L'Amérique de Trump lorgne les années 1930 (et ça fait froid dans le dos)

Temps de lecture : 5 min

Leonard Leo, l’homme qui murmure à l’oreille de Trump, aimerait replonger l’Amérique dans l’époque d’avant le New Deal. Au temps où il valait mieux être un homme blanc.

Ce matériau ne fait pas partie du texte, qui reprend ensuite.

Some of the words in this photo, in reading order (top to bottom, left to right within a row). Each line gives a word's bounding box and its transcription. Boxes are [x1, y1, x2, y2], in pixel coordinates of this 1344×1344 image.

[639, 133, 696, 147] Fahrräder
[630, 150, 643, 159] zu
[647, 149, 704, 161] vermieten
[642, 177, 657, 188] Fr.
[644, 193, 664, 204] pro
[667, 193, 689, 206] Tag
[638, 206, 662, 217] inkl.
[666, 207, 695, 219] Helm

Leonard Leo a notamment influencé le président Donald Trump pour nommer Brett Kavanaugh (au fond à droite) à la Cour Suprême.  Washington DC le 8 octobre 2018. | Brendan Smialowski / AFP
Leonard Leo a notamment influencé le président Donald Trump pour nommer Brett Kavanaugh (au fond à droite) à la Cour Suprême.  Washington DC le 8 octobre 2018. | Brendan Smialowski / AFP

Une semaine avant l'élection présidentielle de 1980, vers la fin de son unique débat contre Jimmy Carter, Ronald Reagan a regardé droit vers la caméra et prié la population américaine de se demander: «Votre situation est-elle meilleure qu’il y a quatre ans?» Il est fort probable que ce soit cette question qui ait mis un terme à la présidence de Carter.

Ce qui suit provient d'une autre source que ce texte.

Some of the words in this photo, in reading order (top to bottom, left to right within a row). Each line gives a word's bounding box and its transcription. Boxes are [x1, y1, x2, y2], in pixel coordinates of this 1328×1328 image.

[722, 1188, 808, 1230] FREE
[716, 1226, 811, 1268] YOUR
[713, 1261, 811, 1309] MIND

À la mi-mai, le Washington Post a publié le portrait de Leonard Leo, vice-président exécutif de la Federalist society [organisation conservatrice et libertarienne adepte d’une interprétation strictement textuelle de la Constitution américaine, très influente à Washington], en partie tourné vers un discours qu’il a fait à l’intention du réseau conservateur Council for national policy.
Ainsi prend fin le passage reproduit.